To be able to discover all projects and buckets, the Service Account that you run GCS2BQ under should have the following permissions on organization level:

  • List all projects: resourcemanager.projects.get
  • List buckets: storage.buckets.list
  • List objects in bucket: storage.objects.list
  • Read ACLs from objects in bucket: storage.objects.getIamPolicy

These permissions can be partly granted with the following predefined role (lacks permission to retrieve ACLs):

  • Storage Object Viewer: roles/storage.objectViewer

There is also a custom role in gcs2bq-custom-role.yaml that only has the necessary permissions. See the file for instructions.

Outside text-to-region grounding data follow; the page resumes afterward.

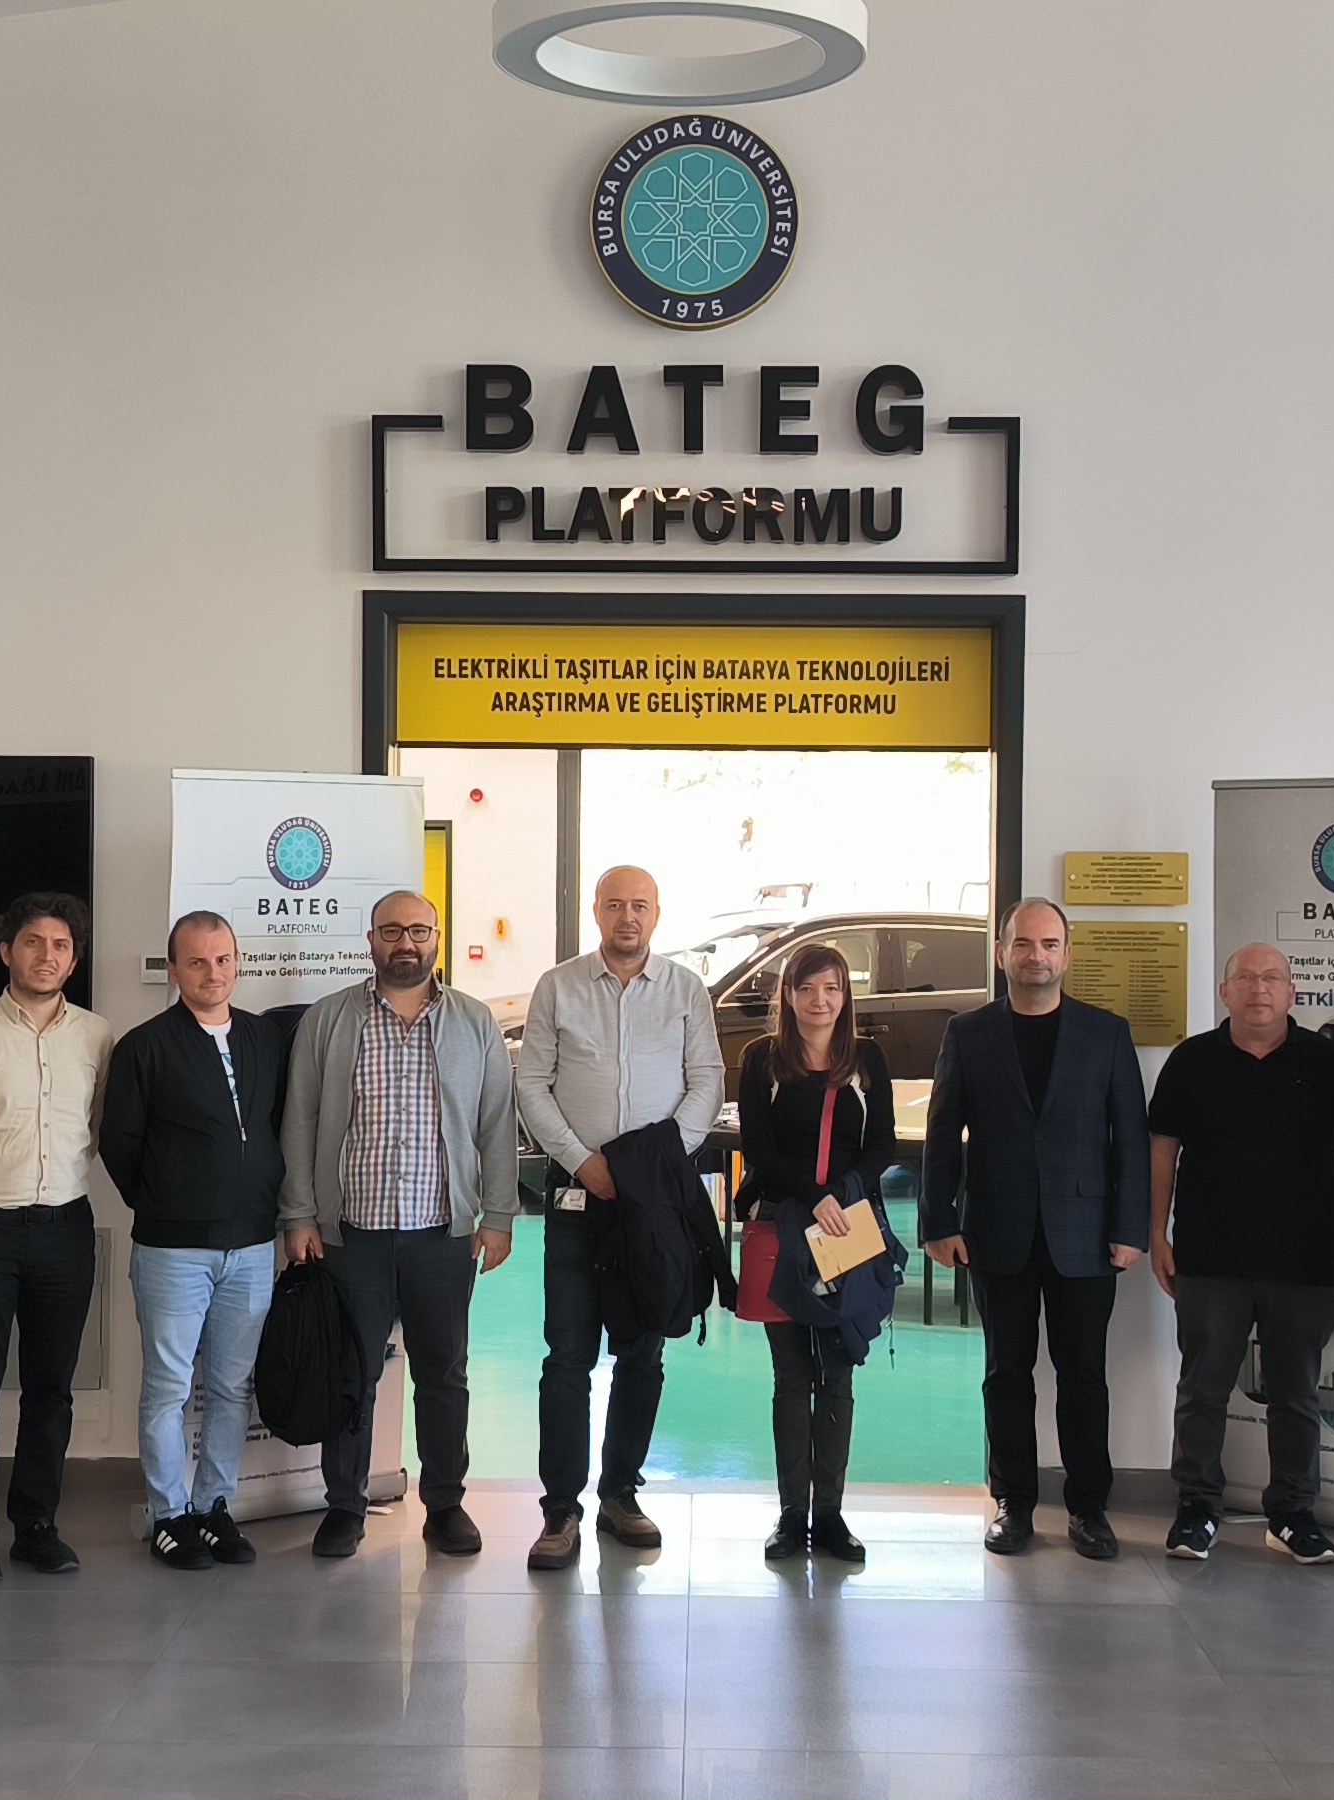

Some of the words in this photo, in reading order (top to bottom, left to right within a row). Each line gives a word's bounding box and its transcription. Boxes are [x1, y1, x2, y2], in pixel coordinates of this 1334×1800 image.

[597, 179, 621, 257] BURSA
[614, 118, 702, 173] ULUDAĞ
[711, 121, 794, 257] ÜNİVERSİTESİ
[661, 299, 724, 318] 1975
[465, 363, 925, 456] BATEG
[485, 486, 903, 544] PLATFORMU
[433, 653, 549, 681] ELEKTRİKLİ
[554, 658, 649, 685] TAŞITLAR
[655, 653, 697, 685] İÇİN
[703, 659, 790, 682] BATARYA
[797, 656, 951, 686] TEKNOLOJİLERİ
[491, 691, 610, 718] ARAŞTIRMA
[615, 692, 640, 713] VE
[647, 687, 768, 719] GELİŞTİRME
[774, 693, 897, 716] PLATFORMU
[1313, 845, 1322, 873] BURSA
[257, 898, 339, 916] BATEG
[267, 924, 328, 935] PLATFORMU
[242, 952, 277, 963] Taşıtlar
[299, 951, 335, 962] Batarya
[1288, 956, 1325, 967] Taşıtlar
[279, 967, 327, 978] Geliştirme
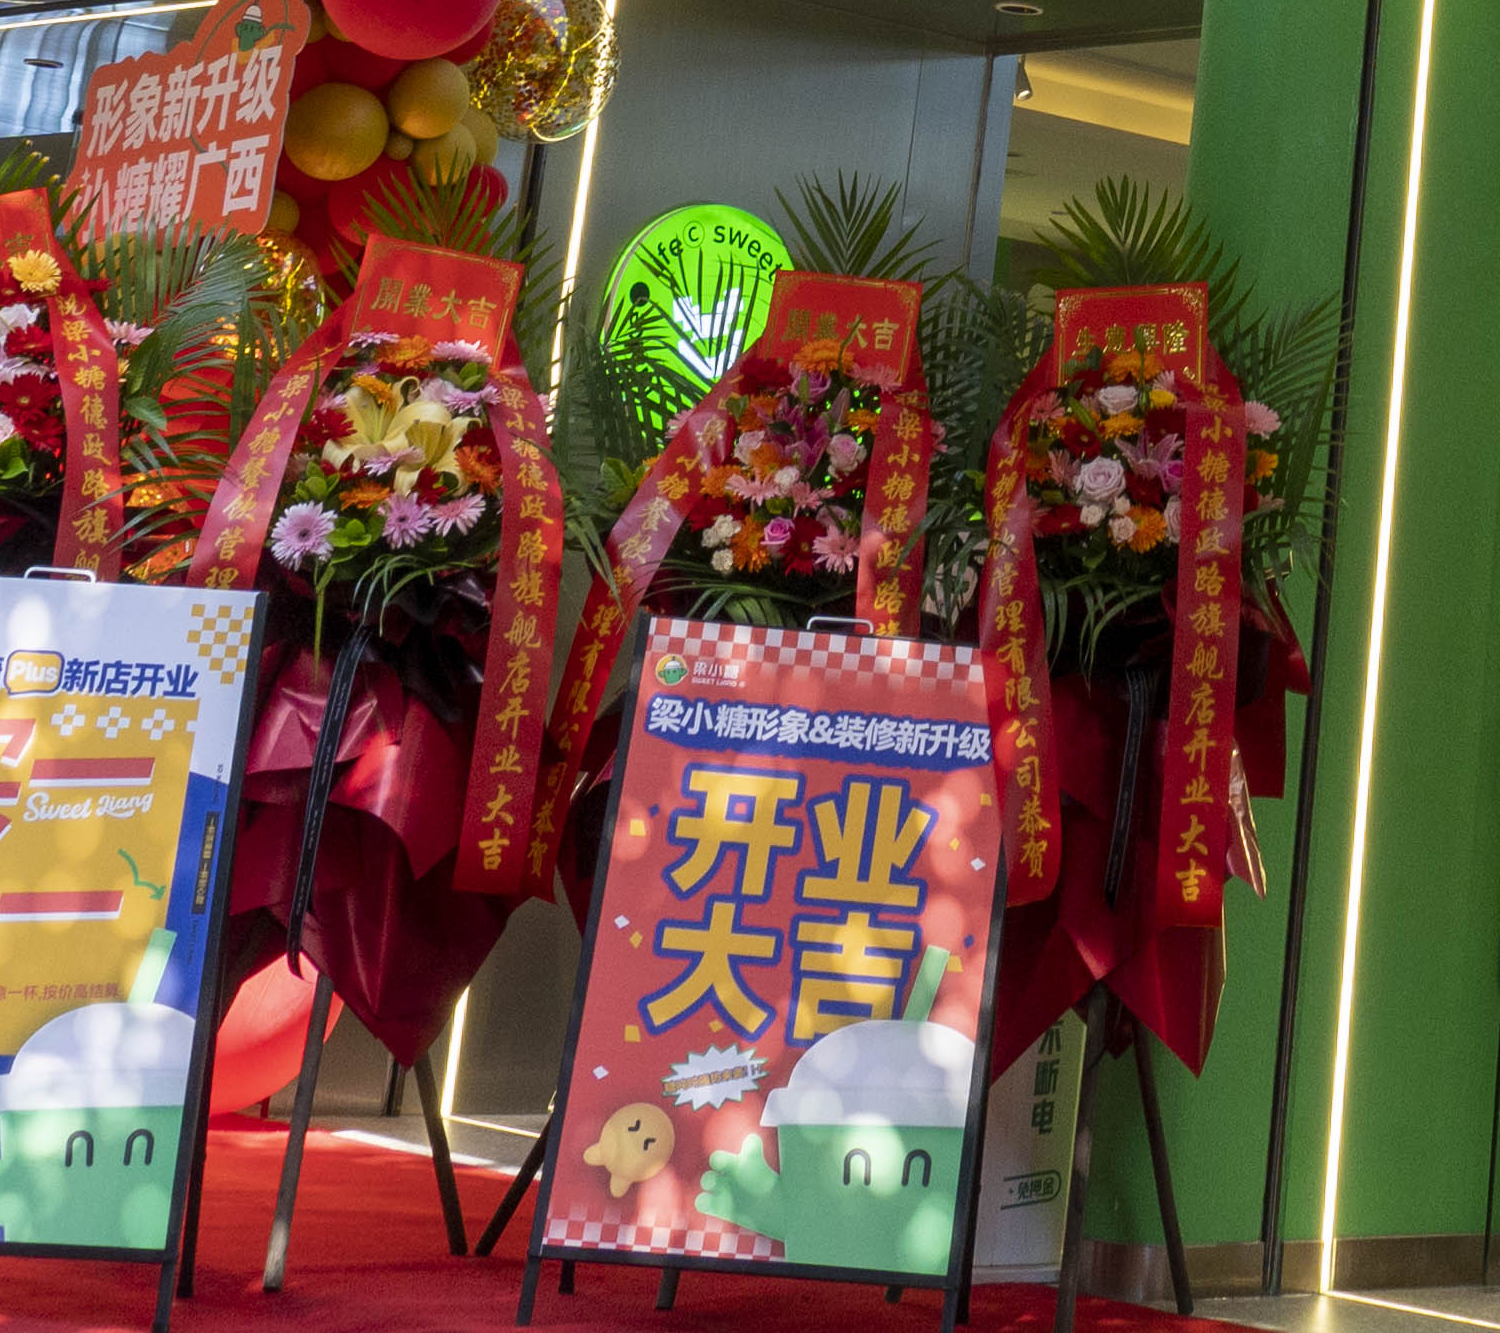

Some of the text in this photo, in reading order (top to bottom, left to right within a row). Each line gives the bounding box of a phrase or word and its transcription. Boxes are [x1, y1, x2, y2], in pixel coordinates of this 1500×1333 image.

[86, 45, 283, 158] 形象新升级
[72, 133, 270, 244] 小糖耀广西
[370, 276, 498, 331] 開業大吉
[477, 375, 555, 872] 梁小糖德政路旗舰店开业大吉
[8, 659, 60, 684] Plus
[61, 658, 200, 699] 新店开业
[693, 661, 741, 681] 梁小糖
[647, 696, 992, 763] 梁小糖形象&装修新升级
[23, 787, 156, 824] Sweet Liang
[667, 769, 934, 909] 开业
[643, 900, 918, 1039] 大吉

To write the data through GCS to BigQuery, you'll need in a project that hosts the BigQuery dataset the following roles:

  • Storage Admin: roles/storage.admin
  • BigQuery User: roles/bigquery.user

BigQuery schema

See file bigquery.schema for the BigQuery table schema. AVRO schema is in gcs2bq.avsc.

Sample BigQuery queries

Find average age of files and size of each storage tier

SELECT
  project_id,
  bucket,
  ROUND(AVG(TIMESTAMP_DIFF(CURRENT_TIMESTAMP(), created, DAY)), 1) AS created_average_days,
  SUM(
  IF
    (storage_class='STANDARD',
      size,
      0)) AS size_standard,
  SUM(
  IF
    (storage_class='NEARLINE',
      size,
      0)) AS size_nearline,
  SUM(
  IF
    (storage_class='COLDLINE',
      size,
      0)) AS size_coldline,
  SUM(
  IF
    (storage_class='ARCHIVE',
      size,
      0)) AS size_archived
FROM
  gcs2bq.files
GROUP BY
  project_id,
  bucket

Find a histogram of how data is allocated in different sized files

SELECT
  CASE
    WHEN histogram_bucket = 1 THEN "< 1 KB"
    WHEN histogram_bucket = 2 THEN "< 100 KB"
    WHEN histogram_bucket = 3 THEN "< 1 MB"
    WHEN histogram_bucket = 4 THEN "< 100 MB"
    WHEN histogram_bucket = 5 THEN "< 1 GB"
  ELSE
  "> 1 GB"
END
  AS class,
  SUM(size) AS total_size
FROM (
  SELECT
    size,
    CASE
      WHEN size <= 1024 THEN 1
      WHEN size <= 1024*100 THEN 2
      WHEN size <= 1024*1024 THEN 3
      WHEN size <= 1024*1024*100 THEN 4
      WHEN size <= 1024*1024*1024 THEN 5
    ELSE
    6
  END
    AS histogram_bucket
  FROM
    gcs2bq.files )
GROUP BY
  histogram_bucket
ORDER BY
  histogram_bucket ASC

Find owners with most data

SELECT
  owner,
  SUM(size) AS total_size
FROM
  gcs2bq.files
GROUP BY
  owner
ORDER BY
  total_size DESC

Find duplicate files across all buckets

SELECT
  project_id,
  CONCAT("gs://", bucket, "/", name) AS file,
  COUNT(md5) AS duplicates
FROM
  gcs2bq.files
GROUP BY
  project_id,
  file
HAVING
  duplicates > 1

Running in GKE as a CronJob

You can deploy the container as a CronJob in Google Kubernetes Engine. See the file gcs2bq.yaml. Replace the environment parameters with values appropriate for your environment.